Targeting Jews in the Ivory Sewer A safe space for Jew-hatred. Kenneth Levin
http://www.frontpagemag.com/fpm/262511/targeting-jews-ivory-sewer-kenneth-levin
Reports of anti-Semitic acts on American campuses suggest that the nation’s universities and colleges are likely today the chief institutional repository of anti-Semitism in the United States.
As one recent study notes: “A survey of U.S. Jewish college students by Trinity College and the Louis D. Brandeis Center for Human Rights Under Law revealed that 54% of surveyed students reported experiencing or witnessing instances of anti-Semitism on campus during the first six months of the 2013-2014 academic year. Another survey by Brandeis University in the spring of 2015 found that three-quarters of North American Jewish college student respondents had been exposed to anti-Semitic rhetoric…”

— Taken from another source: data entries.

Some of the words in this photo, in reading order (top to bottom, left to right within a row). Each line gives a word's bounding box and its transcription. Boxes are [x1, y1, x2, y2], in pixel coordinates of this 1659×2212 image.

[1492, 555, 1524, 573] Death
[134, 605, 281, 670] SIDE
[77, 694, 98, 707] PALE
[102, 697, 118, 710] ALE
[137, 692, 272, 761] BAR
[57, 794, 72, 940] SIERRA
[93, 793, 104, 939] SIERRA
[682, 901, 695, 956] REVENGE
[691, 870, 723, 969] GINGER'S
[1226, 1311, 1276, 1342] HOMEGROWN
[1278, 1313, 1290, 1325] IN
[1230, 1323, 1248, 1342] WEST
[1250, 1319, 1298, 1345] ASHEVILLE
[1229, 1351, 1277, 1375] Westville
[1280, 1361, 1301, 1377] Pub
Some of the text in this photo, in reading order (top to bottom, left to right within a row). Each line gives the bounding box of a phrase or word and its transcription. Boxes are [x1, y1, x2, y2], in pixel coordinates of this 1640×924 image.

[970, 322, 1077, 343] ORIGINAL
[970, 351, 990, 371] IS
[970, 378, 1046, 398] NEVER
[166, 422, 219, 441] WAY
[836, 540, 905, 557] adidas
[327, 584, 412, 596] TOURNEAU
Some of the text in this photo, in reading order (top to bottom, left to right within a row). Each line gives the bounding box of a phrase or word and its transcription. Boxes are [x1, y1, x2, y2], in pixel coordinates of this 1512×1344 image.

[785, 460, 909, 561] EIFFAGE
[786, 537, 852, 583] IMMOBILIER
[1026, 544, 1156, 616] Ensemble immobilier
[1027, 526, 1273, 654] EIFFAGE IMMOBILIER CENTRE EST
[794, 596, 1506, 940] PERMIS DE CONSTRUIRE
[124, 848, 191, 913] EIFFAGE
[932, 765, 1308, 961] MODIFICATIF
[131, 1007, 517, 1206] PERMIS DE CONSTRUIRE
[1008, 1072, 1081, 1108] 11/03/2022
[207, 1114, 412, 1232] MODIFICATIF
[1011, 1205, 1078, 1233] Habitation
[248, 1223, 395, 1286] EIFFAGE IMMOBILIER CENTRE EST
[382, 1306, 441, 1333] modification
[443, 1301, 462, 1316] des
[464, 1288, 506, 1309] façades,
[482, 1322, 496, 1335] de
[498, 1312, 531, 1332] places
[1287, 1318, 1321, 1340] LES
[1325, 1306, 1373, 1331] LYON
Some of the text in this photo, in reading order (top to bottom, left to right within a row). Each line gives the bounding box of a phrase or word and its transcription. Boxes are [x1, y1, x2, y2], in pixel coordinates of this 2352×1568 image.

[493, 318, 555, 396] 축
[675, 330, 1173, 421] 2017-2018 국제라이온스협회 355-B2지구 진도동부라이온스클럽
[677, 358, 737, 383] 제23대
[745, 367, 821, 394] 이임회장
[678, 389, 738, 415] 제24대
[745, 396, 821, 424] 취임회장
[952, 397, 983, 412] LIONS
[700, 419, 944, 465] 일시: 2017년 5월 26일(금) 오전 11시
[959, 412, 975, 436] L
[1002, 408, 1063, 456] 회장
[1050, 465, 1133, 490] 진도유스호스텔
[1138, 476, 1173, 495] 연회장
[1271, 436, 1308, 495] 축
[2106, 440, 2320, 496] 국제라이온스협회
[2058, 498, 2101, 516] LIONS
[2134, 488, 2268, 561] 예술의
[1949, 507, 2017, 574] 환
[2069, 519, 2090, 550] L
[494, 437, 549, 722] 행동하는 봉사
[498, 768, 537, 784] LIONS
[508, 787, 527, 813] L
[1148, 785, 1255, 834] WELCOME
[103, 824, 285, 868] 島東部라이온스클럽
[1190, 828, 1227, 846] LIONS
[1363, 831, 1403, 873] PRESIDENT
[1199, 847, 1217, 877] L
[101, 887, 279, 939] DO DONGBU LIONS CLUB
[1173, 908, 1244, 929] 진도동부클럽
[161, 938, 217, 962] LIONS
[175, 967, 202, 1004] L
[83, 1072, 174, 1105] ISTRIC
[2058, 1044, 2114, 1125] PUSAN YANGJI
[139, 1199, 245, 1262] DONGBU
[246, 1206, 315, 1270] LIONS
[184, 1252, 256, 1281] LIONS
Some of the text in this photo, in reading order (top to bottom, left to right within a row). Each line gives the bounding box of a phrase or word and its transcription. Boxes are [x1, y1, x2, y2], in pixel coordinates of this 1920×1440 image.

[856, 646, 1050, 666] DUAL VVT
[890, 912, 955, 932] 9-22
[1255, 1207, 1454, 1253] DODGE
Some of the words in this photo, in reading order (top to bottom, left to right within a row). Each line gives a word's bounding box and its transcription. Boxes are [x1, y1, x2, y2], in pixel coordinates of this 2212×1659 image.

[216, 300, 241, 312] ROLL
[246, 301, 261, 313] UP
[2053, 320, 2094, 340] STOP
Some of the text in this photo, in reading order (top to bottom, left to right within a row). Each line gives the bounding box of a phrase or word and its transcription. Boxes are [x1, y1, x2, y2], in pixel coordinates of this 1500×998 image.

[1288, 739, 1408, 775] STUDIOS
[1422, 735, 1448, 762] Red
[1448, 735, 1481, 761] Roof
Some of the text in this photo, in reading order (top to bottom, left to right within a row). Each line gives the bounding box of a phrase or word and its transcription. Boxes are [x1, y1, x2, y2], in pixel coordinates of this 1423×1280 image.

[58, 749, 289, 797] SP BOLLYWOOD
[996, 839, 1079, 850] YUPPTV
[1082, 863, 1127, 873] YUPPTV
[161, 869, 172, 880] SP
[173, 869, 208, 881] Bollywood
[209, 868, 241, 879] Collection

The same study also notes that, in addition to encountering anti-Semitic rhetoric, Jewish students have been the targets of “physical assault, harassment, destruction of property, discrimination and suppression of speech.” The Brandeis University survey found that “one-third of students… reported having been harassed because they were Jewish.”
The study citing these data was conducted by the AMCHA Initiative, and AMCHA Initiative’s own findings appear in the organization’s “Report on Anti-Semitic Activity in 2015 at U.S. Colleges and Universities With the Largest Jewish Undergraduate Populations.” The AMCHA Initiative report looks more particularly at the strong correlation between the presence of anti-Israel groups such as Students for Justice in Palestine (SJP) on campuses, as well as anti-Israel activity such as that of the Boycott, Divestment and Sanctions (BDS) movement, and campus anti-Semitism.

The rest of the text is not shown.